Battery consumption in datasheet



  • Hello!

    New to pycom.

    Looking to design a battery that will last approximately two days on power loss.
    Looking at the datasheet there is not much information given on power consumption, just instantaneous values.

    Is there a way of calculating how long a battery will last based on usage?

    I found a post here explaining the math behind it however the post wasn't very descriptive on what the values should be or mean throughout the equation (seconds, milliseconds etc) and i'm having a tough time applying what I've calculated.

    Looking to have the device communicate 2-3 times an hour on LTE or Lora.

    Thanks for your help!

    Brad



  • @lukesaber To compute your power requirements, if you are running a "wake up, send data, go back to sleep" pattern:

    • define T as the duration in seconds of reference period of your choice (1 hour = 3600, 1 day = 86400...)
    • define N as the number of times your device will wake up in that period
    • define D as how long your device will we awake each time it wakes up (in seconds)
    • define IA as the power consumption when awake (in mA, but you can use any unit as long as it's the same for IS and the result)
    • define IS as the power consumption when sleeping (ditto)

    Then the average power consumption is:

    (N * D * IA + (T - N * D) * IS) / T
    

    Example:

    • T = 3600 (1 hour)
    • N = 3 (wakes up 3 times an hour)
    • D = 10 (stays awake for 10 seconds)
    • IA = 100 mA (average power consumption while awake)
    • IS = 0.010 mA (10 µA, average power consumption while sleeping)

    Then the average power consumption is:

    (3 * 10 * 100 + (3600 - 3 * 10) * 0.010) / 3600 = 0.84325 mA
    

    If you want to have enough power for 2 days, then you need a battery with a 40 mAh capacity (0.84325 * 24 * 2).
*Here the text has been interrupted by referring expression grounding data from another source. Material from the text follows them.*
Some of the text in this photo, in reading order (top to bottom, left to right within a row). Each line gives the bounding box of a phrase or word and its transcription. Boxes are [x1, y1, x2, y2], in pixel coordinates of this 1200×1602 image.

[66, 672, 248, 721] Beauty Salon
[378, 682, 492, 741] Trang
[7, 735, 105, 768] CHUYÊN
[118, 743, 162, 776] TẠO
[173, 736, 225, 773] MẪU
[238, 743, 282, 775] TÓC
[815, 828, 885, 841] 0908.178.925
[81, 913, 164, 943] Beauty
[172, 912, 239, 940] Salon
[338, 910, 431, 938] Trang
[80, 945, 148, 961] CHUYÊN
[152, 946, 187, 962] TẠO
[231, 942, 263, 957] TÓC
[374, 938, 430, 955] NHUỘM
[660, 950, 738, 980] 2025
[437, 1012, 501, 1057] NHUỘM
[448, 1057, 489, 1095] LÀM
I think nearly any battery will do.

    Now, the exact figures for D, IA and IS can vary a lot, based on:

    • what sensors/peripherals you may have that you need to power, and whether you power them all the time or only when you are awake
    • what you need to do while awake
    • how you send (LoRa, SigFox, LTE, Wi-Fi, BLE...), at what power level, at what data rate
    • how long it takes for handshakes, ACKs, receive windows, etc.
    • and probably a lot more things.

    Ignoring any sensors or other peripherals, while awake, the power consumption is usually somewhere between 50 mA (module active, not sending or receiving) and 200 mA (when sending). How long you stay awake will usually range between 3 and 10 seconds. Power consumption during deep sleep should be somewhere between 10 and 20 µA depending on the exact setup.
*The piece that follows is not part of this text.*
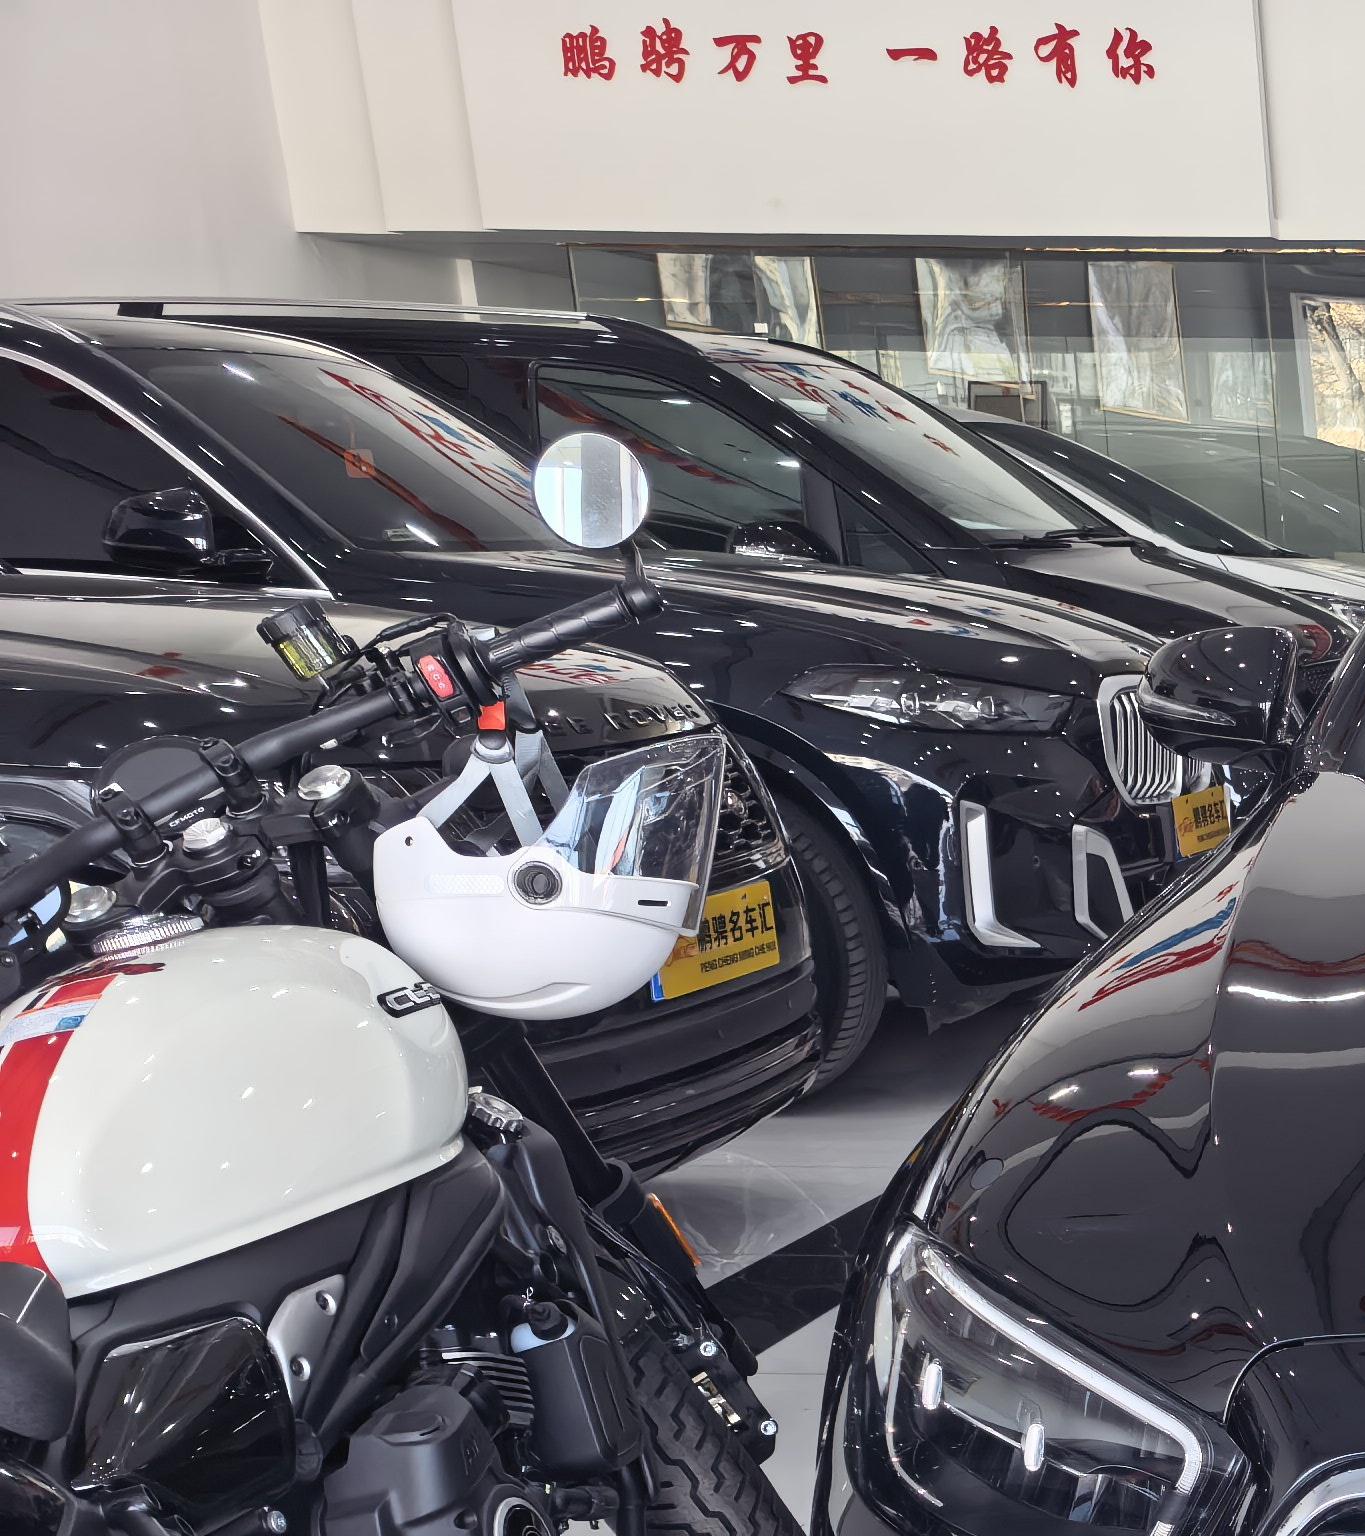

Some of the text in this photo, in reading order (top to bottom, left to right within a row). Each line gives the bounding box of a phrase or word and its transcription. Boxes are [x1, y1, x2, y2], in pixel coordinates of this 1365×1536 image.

    So with 3 wake-ups per hour, for 2 days of battery life, your worst case scenario, not counting any sensors or peripherals, (200 mA when active, 10 seconds active, 20 µA in deep sleep) is about 80 mAh.

    You need to add the requirements for your sensors/peripherals on top of that.

    If you don't go to deep sleep for whatever reason, then the figures are drastically different, but you can keep the same logic. Just replace IS with the power consumption while idling.